_Exercise prompt:_
Write the full listing out again, word for word, but omit the pictures.

_Data extract:_
######
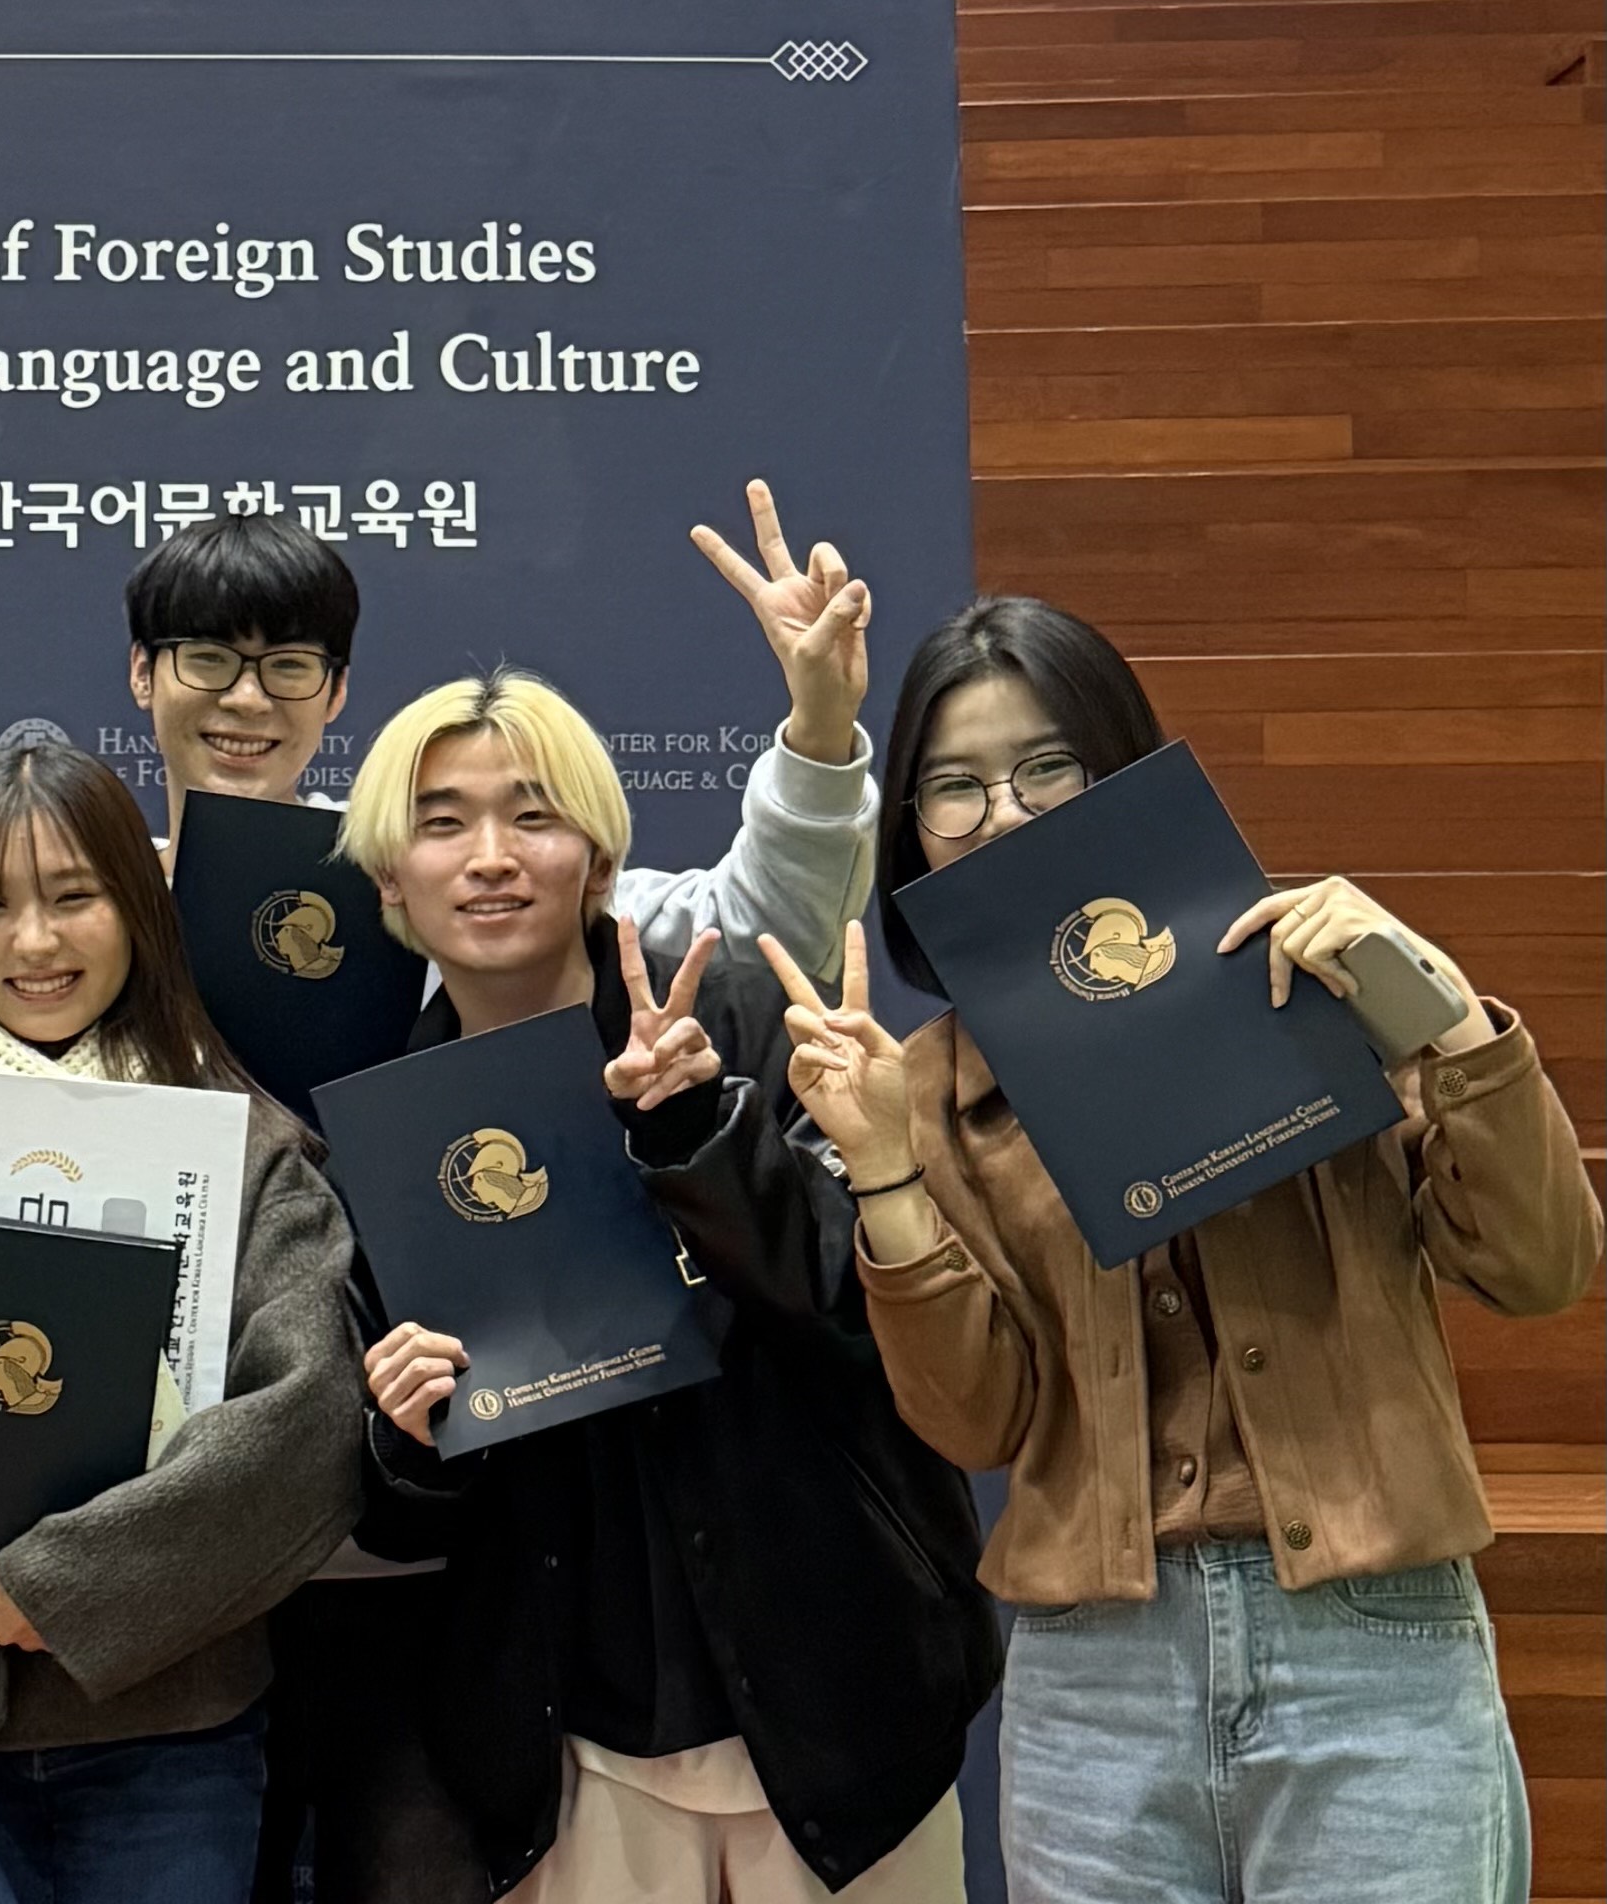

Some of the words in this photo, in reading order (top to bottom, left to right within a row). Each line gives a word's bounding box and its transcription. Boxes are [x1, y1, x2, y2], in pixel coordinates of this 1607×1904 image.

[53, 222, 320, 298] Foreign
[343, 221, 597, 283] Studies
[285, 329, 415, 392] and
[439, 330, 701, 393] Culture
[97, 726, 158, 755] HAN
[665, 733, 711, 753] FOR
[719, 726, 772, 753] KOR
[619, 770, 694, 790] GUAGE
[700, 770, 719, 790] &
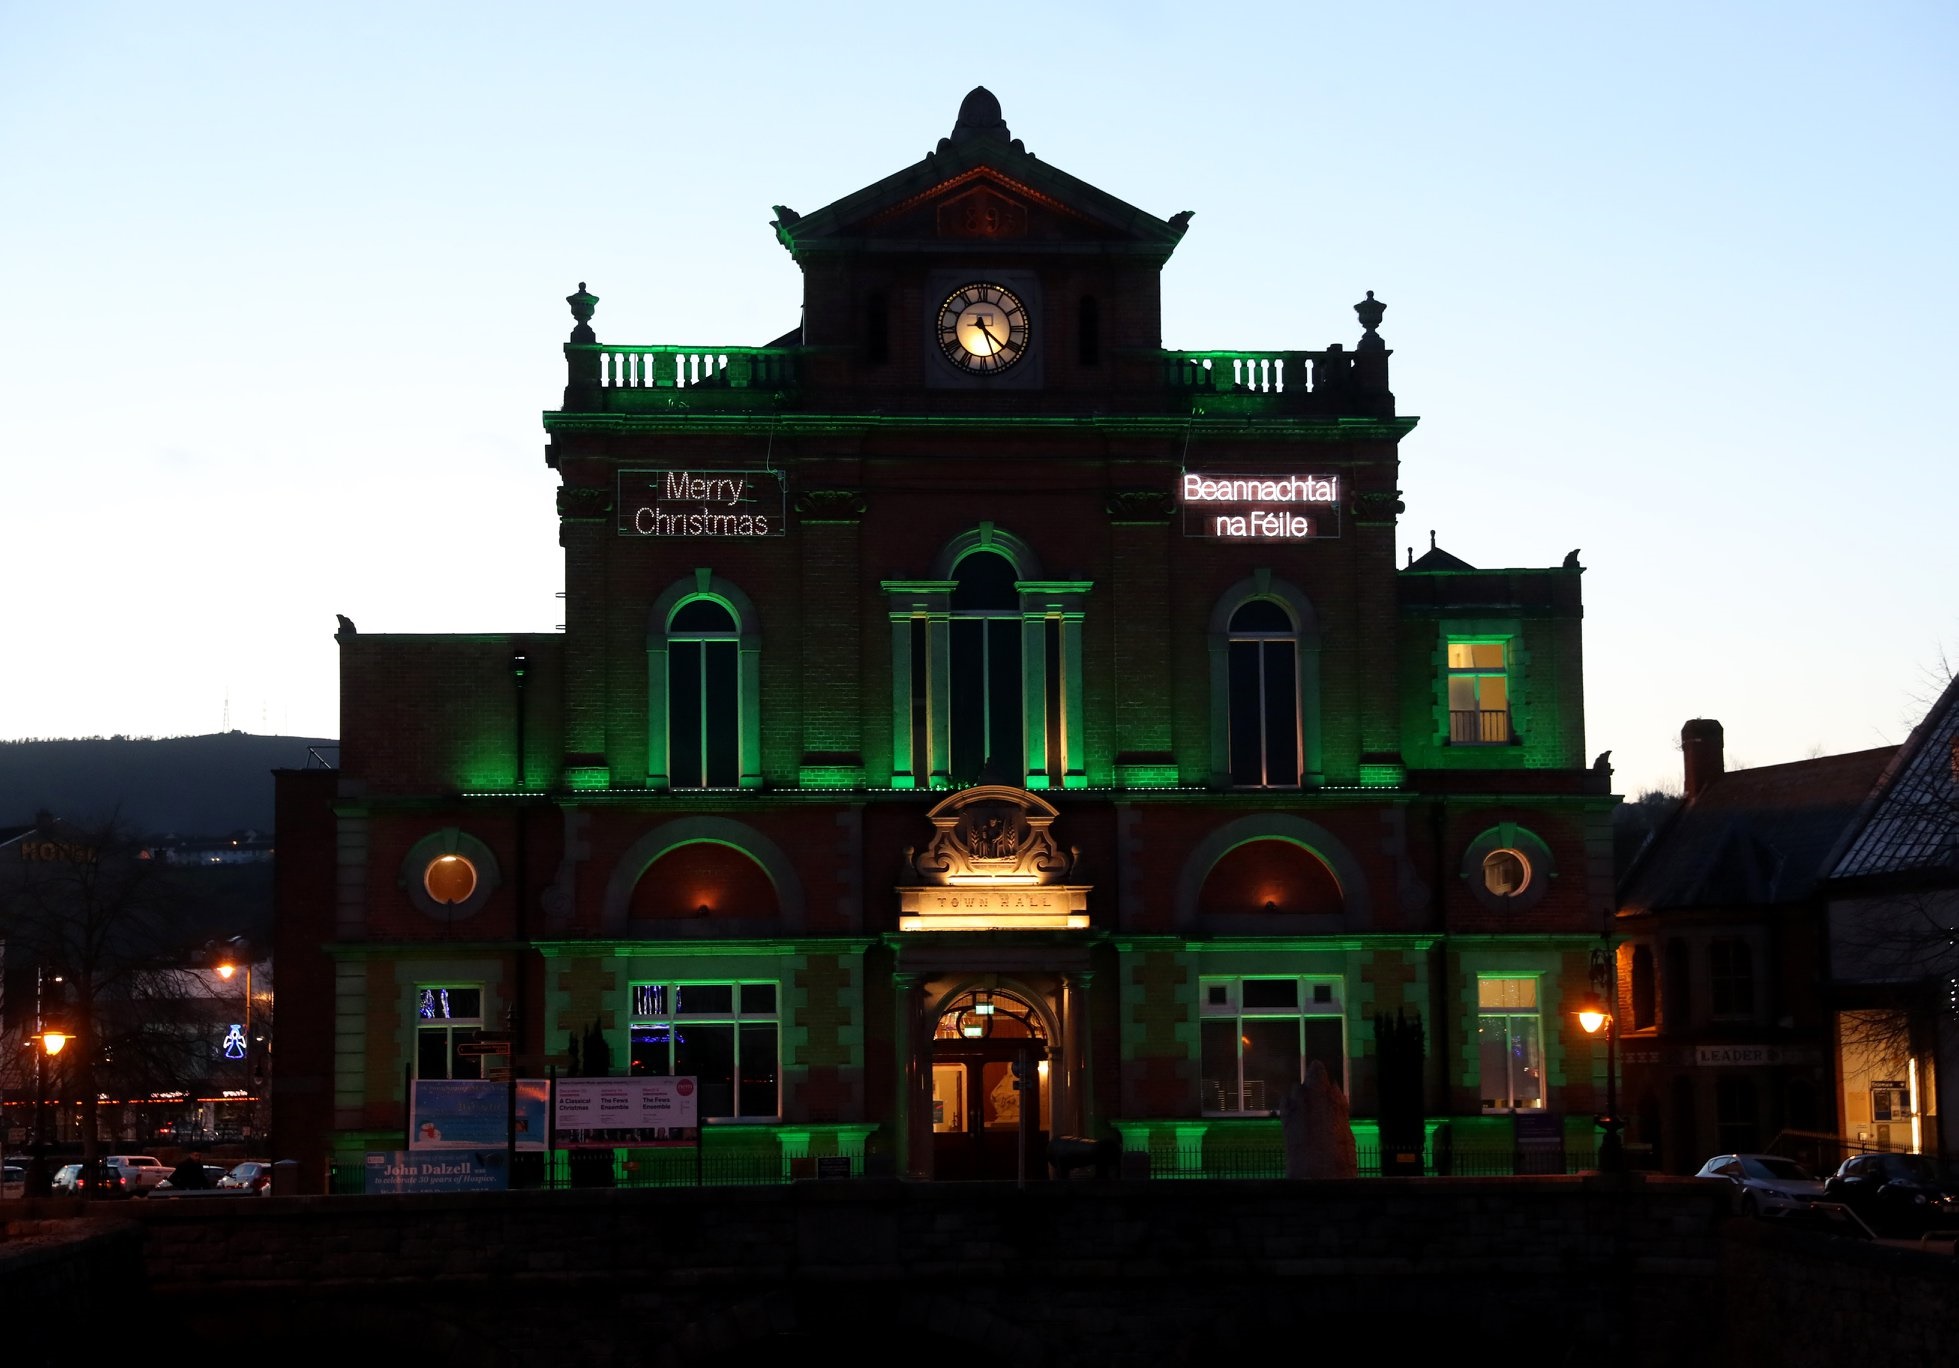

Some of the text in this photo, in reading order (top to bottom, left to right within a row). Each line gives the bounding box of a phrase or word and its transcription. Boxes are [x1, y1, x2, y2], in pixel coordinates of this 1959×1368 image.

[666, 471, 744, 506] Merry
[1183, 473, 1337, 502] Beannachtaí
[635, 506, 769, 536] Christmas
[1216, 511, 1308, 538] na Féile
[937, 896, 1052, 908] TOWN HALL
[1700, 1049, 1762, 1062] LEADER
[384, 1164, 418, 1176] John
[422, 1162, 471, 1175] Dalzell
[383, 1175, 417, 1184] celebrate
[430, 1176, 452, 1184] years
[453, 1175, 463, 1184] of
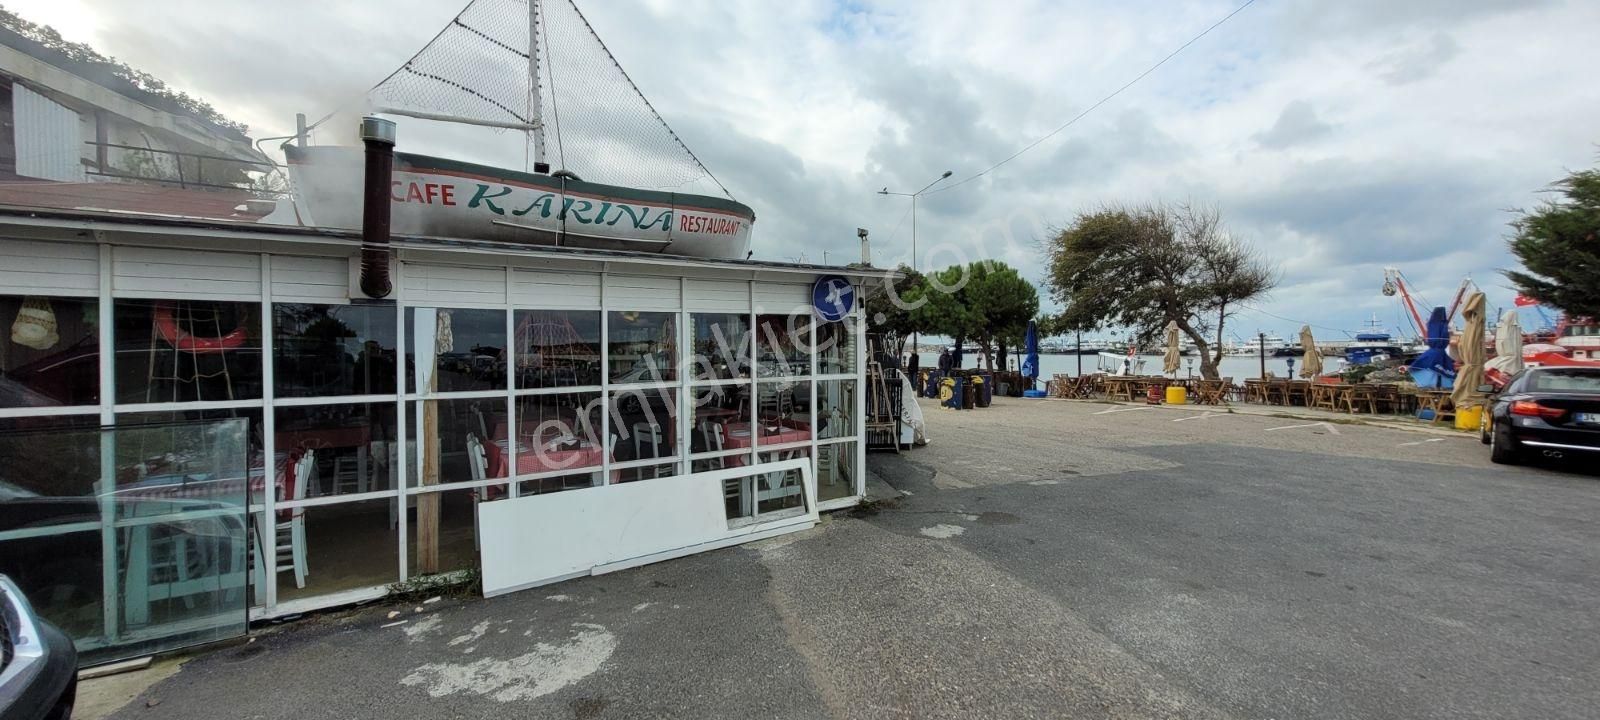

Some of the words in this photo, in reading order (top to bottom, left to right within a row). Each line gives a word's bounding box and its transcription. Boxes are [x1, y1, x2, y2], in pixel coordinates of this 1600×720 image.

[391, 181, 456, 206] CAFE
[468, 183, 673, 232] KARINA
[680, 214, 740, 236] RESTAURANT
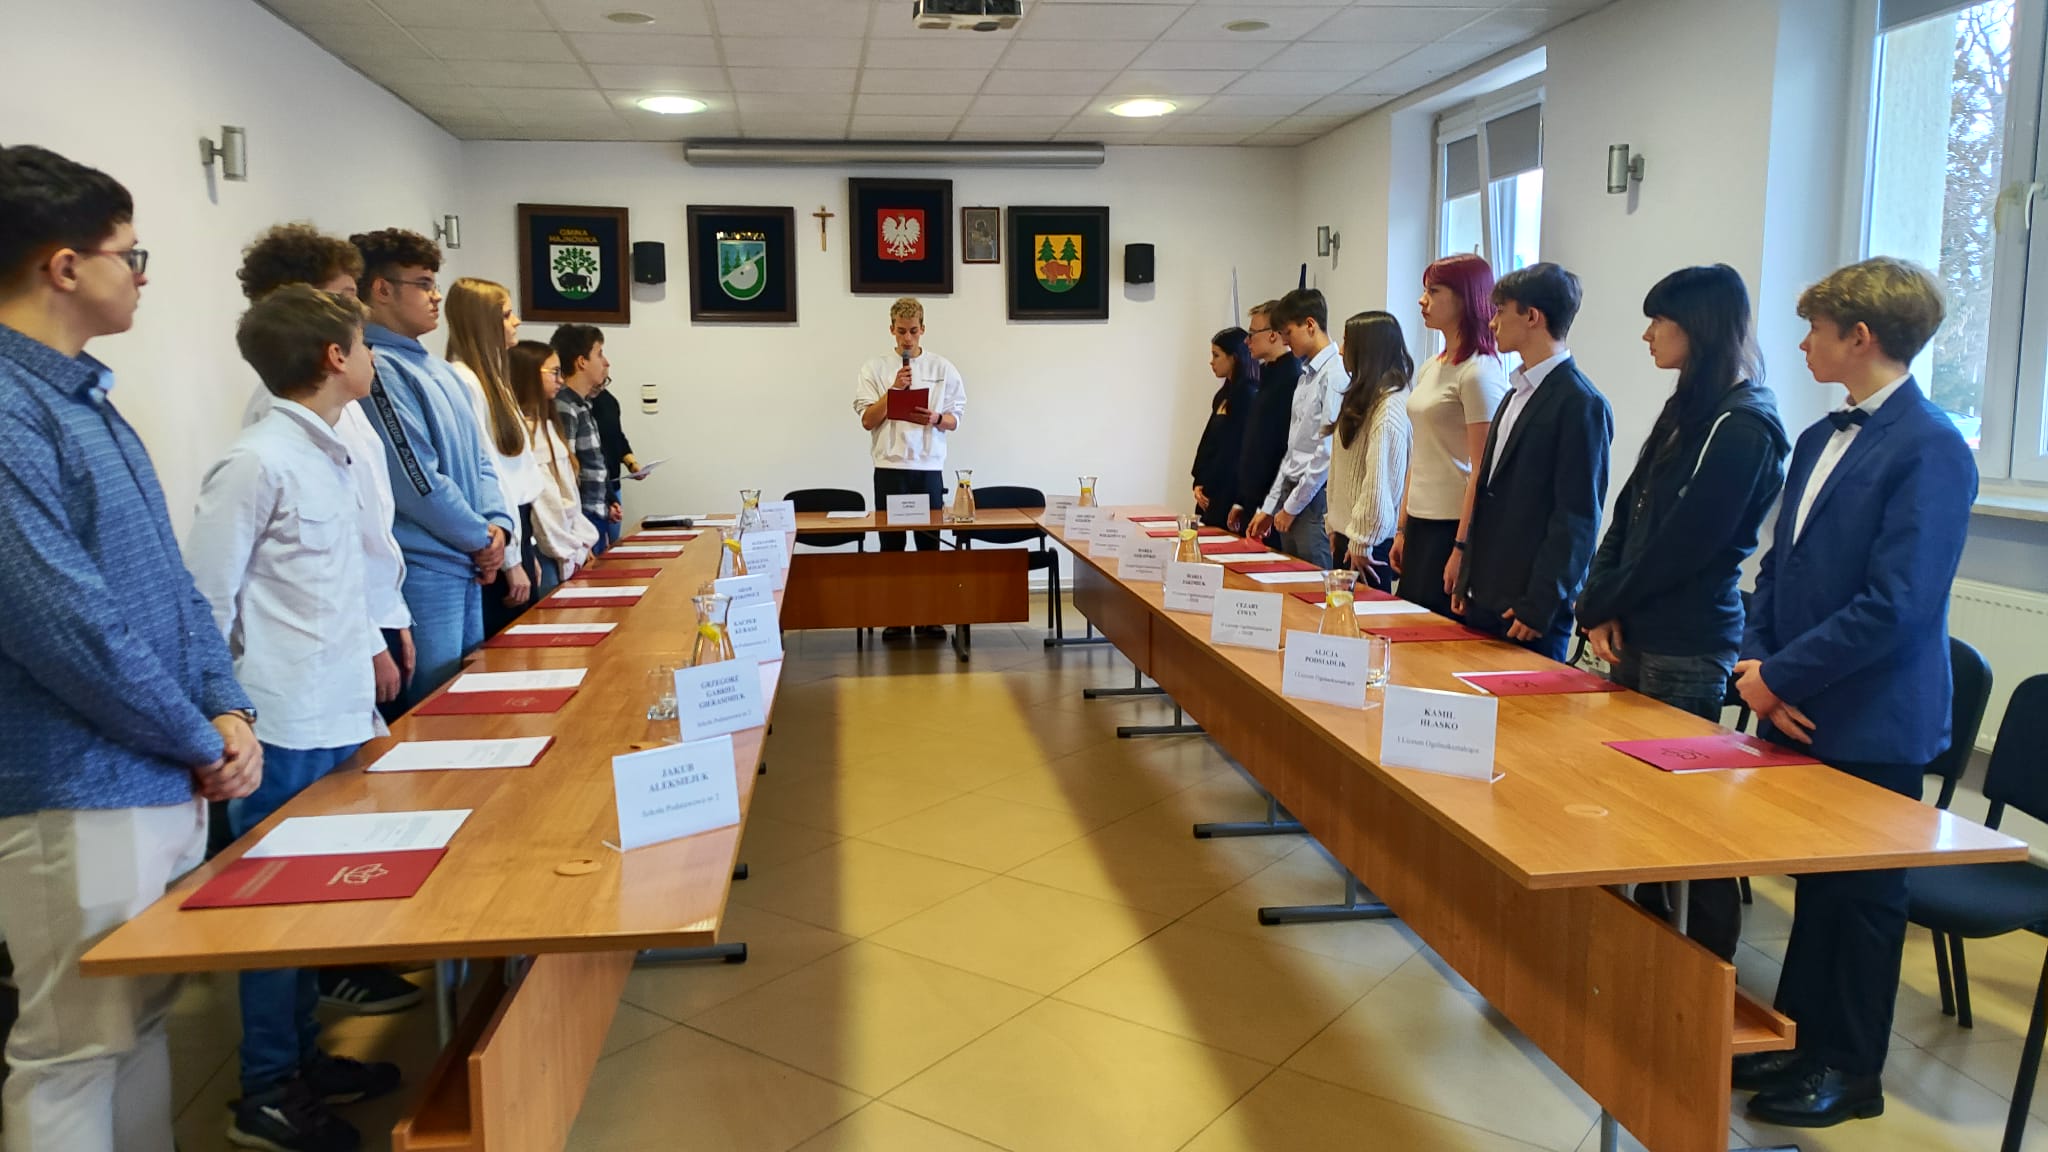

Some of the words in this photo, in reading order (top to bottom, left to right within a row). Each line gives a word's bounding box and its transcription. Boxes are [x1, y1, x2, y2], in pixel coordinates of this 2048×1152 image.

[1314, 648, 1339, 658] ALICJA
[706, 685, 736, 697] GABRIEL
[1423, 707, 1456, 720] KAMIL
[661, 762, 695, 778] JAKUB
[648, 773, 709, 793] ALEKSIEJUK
######
_Exercise answer:_
Some of the words in this photo, in reading order (top to bottom, left to right within a row). Each line gives a word's bounding box and its transcription. Boxes are [x1, y1, x2, y2], in pixel coordinates of this 1607×1904 image.

[53, 222, 320, 298] Foreign
[343, 221, 597, 283] Studies
[285, 329, 415, 392] and
[439, 330, 701, 393] Culture
[97, 726, 158, 755] HAN
[665, 733, 711, 753] FOR
[719, 726, 772, 753] KOR
[619, 770, 694, 790] GUAGE
[700, 770, 719, 790] &

Some of the text in this photo, in reading order (top to bottom, left to right within a row). Each line gives the bounding box of a phrase or word and its transcription. Boxes are [x1, y1, x2, y2], in pixel coordinates of this 1959×1368 image.

[666, 471, 744, 506] Merry
[1183, 473, 1337, 502] Beannachtaí
[635, 506, 769, 536] Christmas
[1216, 511, 1308, 538] na Féile
[937, 896, 1052, 908] TOWN HALL
[1700, 1049, 1762, 1062] LEADER
[384, 1164, 418, 1176] John
[422, 1162, 471, 1175] Dalzell
[383, 1175, 417, 1184] celebrate
[430, 1176, 452, 1184] years
[453, 1175, 463, 1184] of

Some of the words in this photo, in reading order (top to bottom, left to right within a row). Each line gives a word's bounding box and its transcription. Boxes are [x1, y1, x2, y2], in pixel coordinates of this 1600×720 image.

[391, 181, 456, 206] CAFE
[468, 183, 673, 232] KARINA
[680, 214, 740, 236] RESTAURANT

Some of the words in this photo, in reading order (top to bottom, left to right within a row). Each line gives a word's bounding box and its transcription. Boxes are [x1, y1, x2, y2], in pixel coordinates of this 2048×1152 image.

[1314, 648, 1339, 658] ALICJA
[706, 685, 736, 697] GABRIEL
[1423, 707, 1456, 720] KAMIL
[661, 762, 695, 778] JAKUB
[648, 773, 709, 793] ALEKSIEJUK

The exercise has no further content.